MERRIMAN HOLDINGS, INC.

NOTES TO CONSOLIDATED FINANCIAL STATEMENTS

18. Related Party Transactions

Sale of Convertible Notes Receivable

On December 30, 2010, the Company sold its convertible note receivable from a corporate issuer, Digital Display Networks, Inc., with a face value of $50,000, including any accrued interest, to Peter Coleman, the Company’s previous Chief Financial Officer and Ronald L. Chez, Co-Chairman of the Board of Directors, for a total selling price of $50,000.  The convertible note receivable accrued interest at an annual rate of 12%.  As of December 31, 2010, the convertible note receivable is no longer included in the Company’s statement of financial condition.  In relation to the sale, the Company incurred an immaterial loss, which is included in other income, net in the Company’s consolidated statement of operations.

Temporary Subordinated Borrowings

On September 28, 2010, the Company borrowed $4,000,000 from DGB Investment, Inc. (DGB).  DGB is controlled by Douglas G. Bergeron, who was previously a member of the Board of Directors.  The loan was in the form of a temporary subordinated loan in accordance with Rule 15c3-1 of the Securities Exchange Act of 1934.  Interest on the loan was $60,000 for each 10-day period.  The loan and fees payable in relation to this loan have been repaid in full in October 2010.  For the year ended December 31, 2010, the Company incurred a total of $60,000 in fees on the loan, which is included in cost of underwriting capital in the Company’s consolidated statement of operations.

On April 23, 2010, the Company borrowed $1,000,000 from DGB and $6,000,000 from Ronald L. Chez.  The loan was in the form of a temporary subordinated loan in accordance with Rule 15c3-1 of the Securities Exchange Act of 1934.  The Company incurred a total of $230,000 in fees on the loans from DGB and Ronald L. Chez, and is included in cost of underwriting capital in the Company’s consolidated statement of operations.  The loan and fees payable in relation to this loan have been repaid in full in May 2010.

On January 20, 2010, the Company borrowed $11,000,000 from DGB and the Bergeron Family Trust, both controlled by Douglas G. Bergeron. The loan was in the form of a temporary subordinated loan in accordance with Rule 15c3-1 of the Securities Exchange Act of 1934. The Company paid interest in the amount of $731,000 for this loan which is included in cost of underwriting capital in the Company’s consolidated statement of operations. The loan and fees payable in relation to this loan have been repaid in full in February 2010.
 
 
91

 
 
MERRIMAN HOLDINGS, INC.

NOTES TO CONSOLIDATED FINANCIAL STATEMENTS

18. Related Party Transactions (continued)

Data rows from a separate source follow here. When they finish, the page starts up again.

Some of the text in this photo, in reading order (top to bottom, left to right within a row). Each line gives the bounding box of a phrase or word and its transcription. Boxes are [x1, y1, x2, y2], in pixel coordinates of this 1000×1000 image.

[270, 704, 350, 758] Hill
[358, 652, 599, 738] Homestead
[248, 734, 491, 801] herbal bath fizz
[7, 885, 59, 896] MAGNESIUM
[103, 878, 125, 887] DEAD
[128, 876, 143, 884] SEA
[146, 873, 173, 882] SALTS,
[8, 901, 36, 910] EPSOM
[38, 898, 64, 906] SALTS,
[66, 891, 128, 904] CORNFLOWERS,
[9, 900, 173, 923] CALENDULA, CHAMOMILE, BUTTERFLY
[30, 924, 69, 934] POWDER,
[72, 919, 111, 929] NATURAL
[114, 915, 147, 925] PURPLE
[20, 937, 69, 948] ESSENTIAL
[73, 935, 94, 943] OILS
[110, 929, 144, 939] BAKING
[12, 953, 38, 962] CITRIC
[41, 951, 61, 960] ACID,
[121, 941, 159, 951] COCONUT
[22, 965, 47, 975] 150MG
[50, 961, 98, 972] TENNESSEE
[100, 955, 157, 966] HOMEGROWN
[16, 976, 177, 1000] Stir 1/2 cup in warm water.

Subordinated Notes Payable to Related Parties

On September 29, 2010, the Company borrowed $1,000,000 from nine individual lenders, all of whom are directors, officers or employees of the Company, pursuant to a series of Subordinated Notes.  The Subordinated Notes are for a term of three years and provide for interest comprising two components: (i) Six Percent (6.0%) per annum to be paid in cash monthly; and (ii) Eight Percent (8.0%) per annum to be accrued and paid in cash upon maturity.  Additional consideration was paid to the lenders at closing comprising a number of shares of common stock of the Company equal to: (A) 30% of the principal amount lent; divided by (B) $3.01 per share.  Proceeds were used to supplement underwriting capacity and working capital for our broker dealer subsidiary.

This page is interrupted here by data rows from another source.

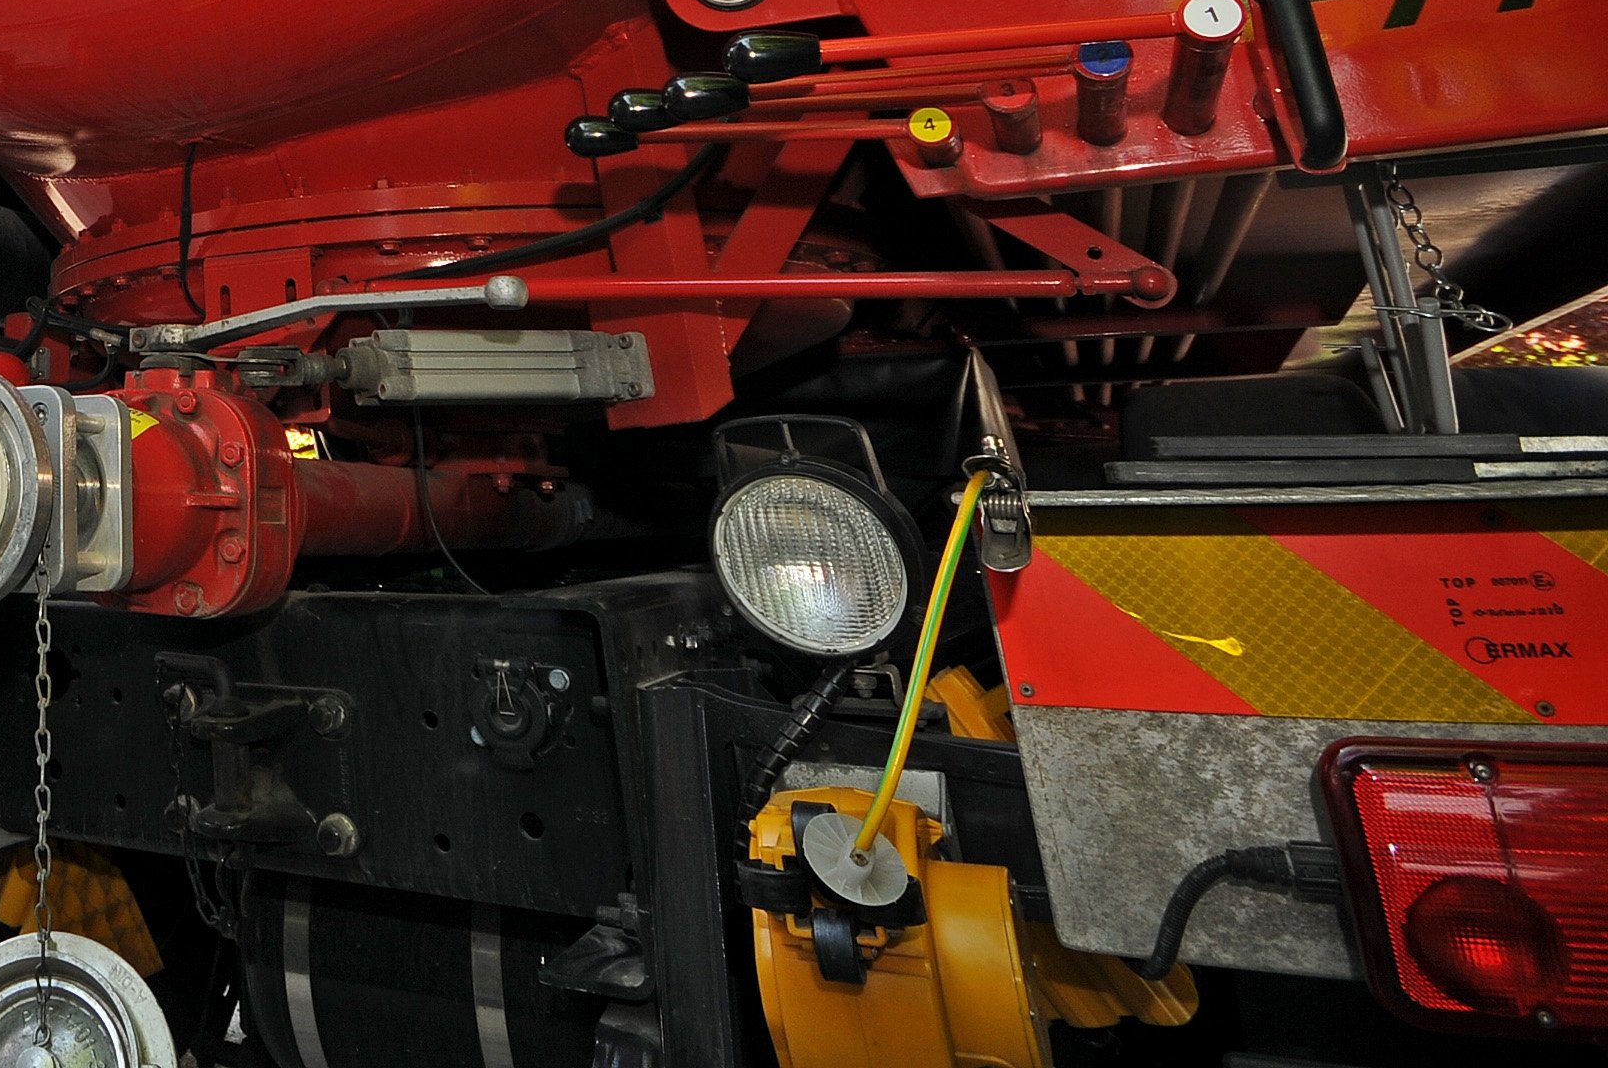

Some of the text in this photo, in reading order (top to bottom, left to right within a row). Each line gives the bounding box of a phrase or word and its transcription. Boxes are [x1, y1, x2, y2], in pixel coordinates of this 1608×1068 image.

[1203, 6, 1219, 24] 1
[923, 116, 937, 132] 4
[1439, 576, 1476, 589] TOP
[1446, 597, 1466, 628] TOP
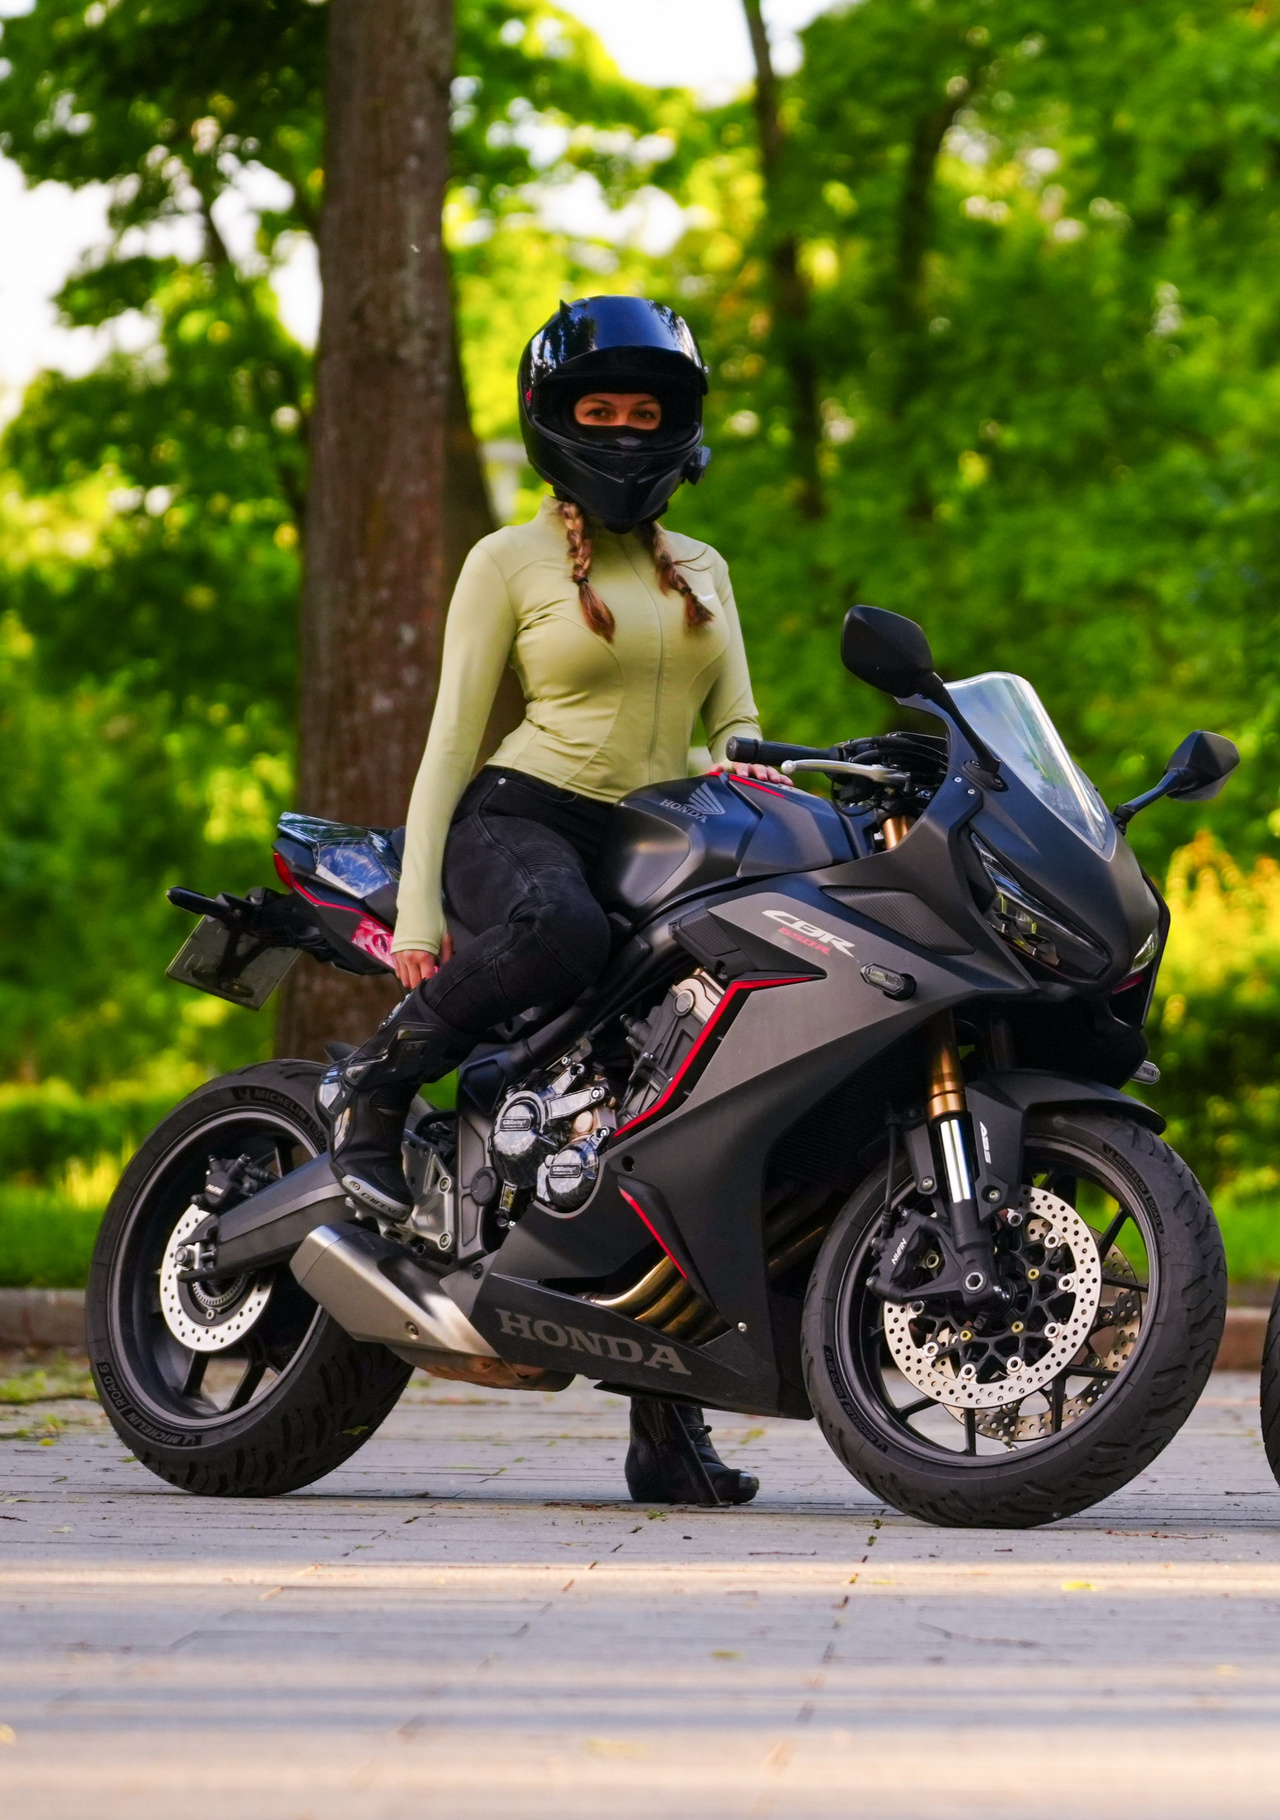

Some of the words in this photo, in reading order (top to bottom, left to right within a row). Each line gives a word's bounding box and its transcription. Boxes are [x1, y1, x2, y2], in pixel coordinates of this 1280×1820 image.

[659, 799, 707, 823] HONDA
[762, 909, 855, 958] CBR
[777, 927, 831, 957] 650R
[254, 1088, 308, 1122] MICHELIN
[979, 1121, 992, 1164] ABS
[1115, 1155, 1148, 1192] MICHELIN
[1148, 1199, 1161, 1223] ROAD
[496, 1308, 692, 1375] HONDA
[99, 1364, 110, 1373] 6
[103, 1376, 125, 1408] ROAD
[126, 1412, 183, 1444] MICHELIN
[845, 1404, 877, 1441] MICHELIN

As of December 31, 2010, Subordinated Notes of $809,000, net of $191,000 discount, remain outstanding and is included in subordinated notes payable to related parties – long term in the Company’s consolidated statement of financial condition. For the year ended December 31, 2010, the Company incurred $36,000 as fees, of which $25,000 remain outstanding as of December 31, 2010 and is included in accrued expenses and other in the consolidated statements of financial position.  Interest and amortization of discount are included in interest expense in the consolidated statement of operations.

Secured Promissory Note

On November 17, 2010, the Company borrowed $1,050,000 as a Secured Promissory Note from Ronald L. Chez. The Secured Promissory Note is secured by certain accounts receivable which were purchased by the Company from the Company’s broker dealer subsidiary, Merriman Capital, Inc., with the proceeds of the transaction being used for such purchase. The Secured Promissory Note is due and payable in two tranches as the accounts receivable become due, with $950,000 due on January 19, 2011 and $100,000 due on February 28, 2011. It provides for interest of 29.2% per annum and additional consideration comprising two components (i) 50,000 shares of the Company’s Series D Preferred Stock (which is convertible into 7,142 shares of our Common Stock); and (ii) a cash fee of $15,000. The proceeds were used to supplement underwriting capacity for our broker dealer subsidiary, Merriman Capital, Inc. As of December 31, 2010, the Secured Promissory Note of $330,000, remains outstanding and is included in notes payable to related parties – short term in the Company’s consolidated statement of financial condition. As of December 31, 2010, the Company had $330,000 of outstanding accounts receivable pledged as collateral for this Secured Promissory Note. For the year ended December 31, 2010, the Company incurred $48,000 as fees on the Secured Promissory Notes (included in cost of underwriting capital in the consolidated statements of operations), which remain outstanding as of December 31, 2010 and is included in accrued expenses and other in the consolidated statements of financial position. On January 21, 2011, this Secured Promissory Note was amended to extend the maturity date to April 15, 2011 and change the 50,000 Series D Convertible Preferred Stock consideration to cash compensation of $21,000.
 
 
92

 
 
MERRIMAN HOLDINGS, INC.

NOTES TO CONSOLIDATED FINANCIAL STATEMENTS

18. Related Party Transactions (continued)

Unsecured Borrowings

On July 29, 2009, Mr. Jonathan Merriman, the Company’s CEO, and Mr. Brock Ganeles, MC’s former Head of Brokerage, made short-term loans to the Company in the amounts of $200,000 and $300,000, respectively.  Mr. Merriman’s loan was repaid on August 5, 2009.  Mr. Merriman forgave the interest on his loan.  Mr. Ganeles’ loan was repaid on August 20, 2009.  The Company paid Mr. Ganeles interest in the amount of $9,403, which is included in interest expense in the Company’s consolidated statement of operations.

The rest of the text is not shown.